Directions:
Would you print the records as they stand, down to the last character?

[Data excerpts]

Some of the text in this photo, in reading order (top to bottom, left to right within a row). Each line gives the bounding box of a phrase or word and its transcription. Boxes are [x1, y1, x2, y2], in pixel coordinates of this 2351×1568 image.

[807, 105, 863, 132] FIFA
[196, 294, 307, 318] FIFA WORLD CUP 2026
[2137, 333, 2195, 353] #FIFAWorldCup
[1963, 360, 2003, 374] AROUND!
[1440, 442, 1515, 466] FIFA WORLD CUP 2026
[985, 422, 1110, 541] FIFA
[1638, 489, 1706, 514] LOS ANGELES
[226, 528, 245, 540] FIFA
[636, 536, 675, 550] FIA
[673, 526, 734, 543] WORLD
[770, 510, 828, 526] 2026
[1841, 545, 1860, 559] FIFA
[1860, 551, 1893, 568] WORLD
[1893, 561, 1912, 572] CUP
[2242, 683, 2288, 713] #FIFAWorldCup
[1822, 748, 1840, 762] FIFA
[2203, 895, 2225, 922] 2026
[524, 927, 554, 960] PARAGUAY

Response to this task:
Some of the text in this photo, in reading order (top to bottom, left to right within a row). Each line gives the bounding box of a phrase or word and its transcription. Boxes are [x1, y1, x2, y2], in pixel coordinates of this 2351×1568 image.

[807, 105, 863, 132] FIFA
[196, 294, 307, 318] FIFA WORLD CUP 2026
[2137, 333, 2195, 353] #FIFAWorldCup
[1963, 360, 2003, 374] AROUND!
[1440, 442, 1515, 466] FIFA WORLD CUP 2026
[985, 422, 1110, 541] FIFA
[1638, 489, 1706, 514] LOS ANGELES
[226, 528, 245, 540] FIFA
[636, 536, 675, 550] FIA
[673, 526, 734, 543] WORLD
[770, 510, 828, 526] 2026
[1841, 545, 1860, 559] FIFA
[1860, 551, 1893, 568] WORLD
[1893, 561, 1912, 572] CUP
[2242, 683, 2288, 713] #FIFAWorldCup
[1822, 748, 1840, 762] FIFA
[2203, 895, 2225, 922] 2026
[524, 927, 554, 960] PARAGUAY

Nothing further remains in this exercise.